BEGIN
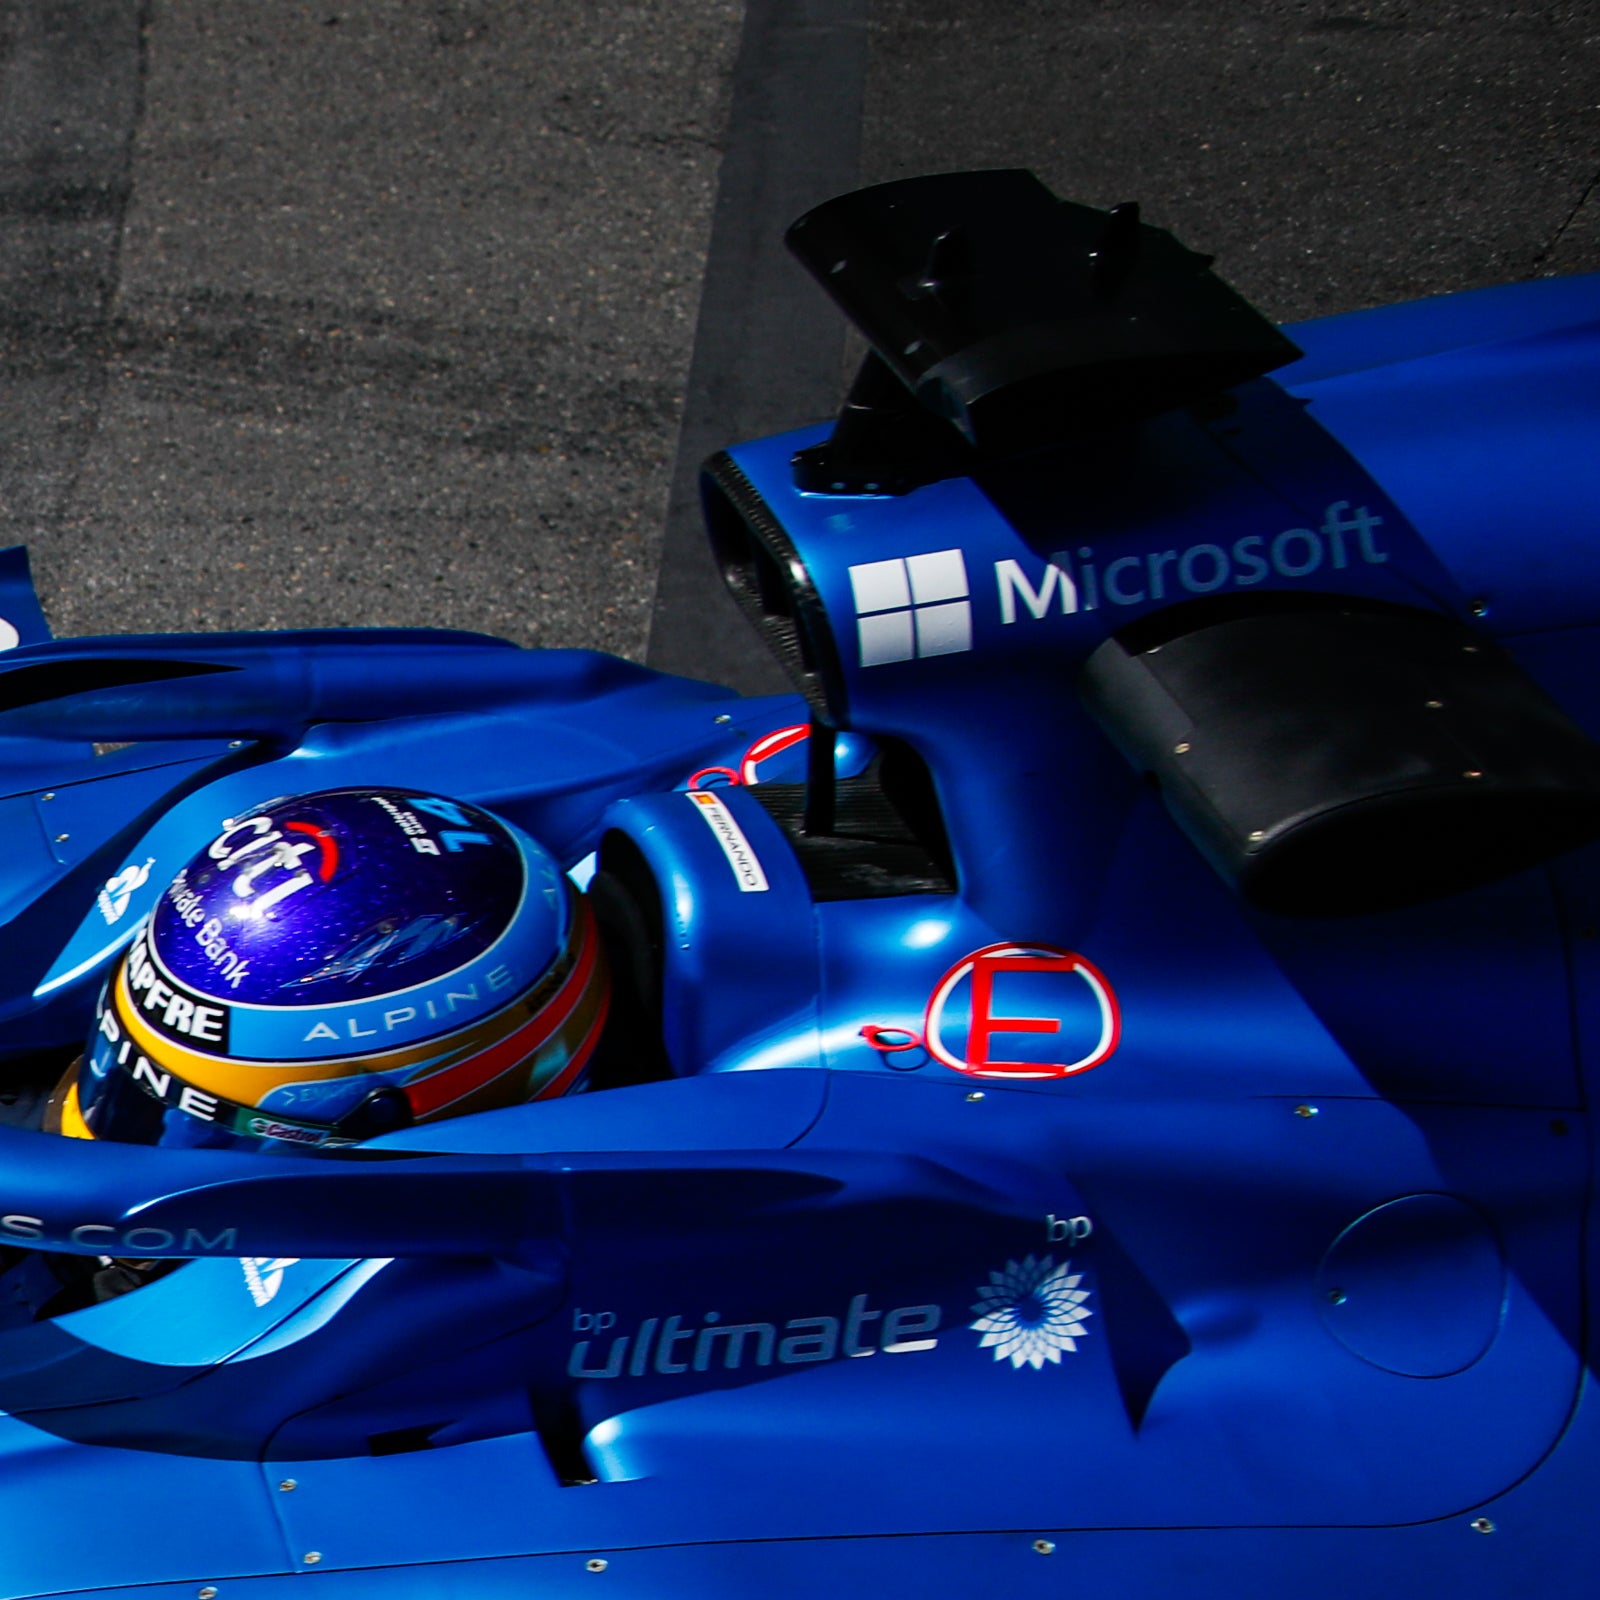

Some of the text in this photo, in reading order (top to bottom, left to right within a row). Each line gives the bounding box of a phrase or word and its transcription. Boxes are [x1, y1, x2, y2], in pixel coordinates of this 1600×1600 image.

[995, 500, 1389, 625] Microsoft
[708, 804, 760, 887] FERNANDO
[195, 917, 251, 990] Bank
[303, 963, 514, 1042] ALPINE
[1046, 1213, 1093, 1246] bp
[567, 1294, 941, 1379] ultimate
[572, 1306, 616, 1336] bp
END
Task objective: Exact repetition of the material above is required, with the images removed.

Solved exercise:
Some of the text in this photo, in reading order (top to bottom, left to right within a row). Each line gives the bounding box of a phrase or word and its transcription. Boxes are [x1, y1, x2, y2], in pixel coordinates of this 1600×1600 image.

[995, 500, 1389, 625] Microsoft
[708, 804, 760, 887] FERNANDO
[195, 917, 251, 990] Bank
[303, 963, 514, 1042] ALPINE
[1046, 1213, 1093, 1246] bp
[567, 1294, 941, 1379] ultimate
[572, 1306, 616, 1336] bp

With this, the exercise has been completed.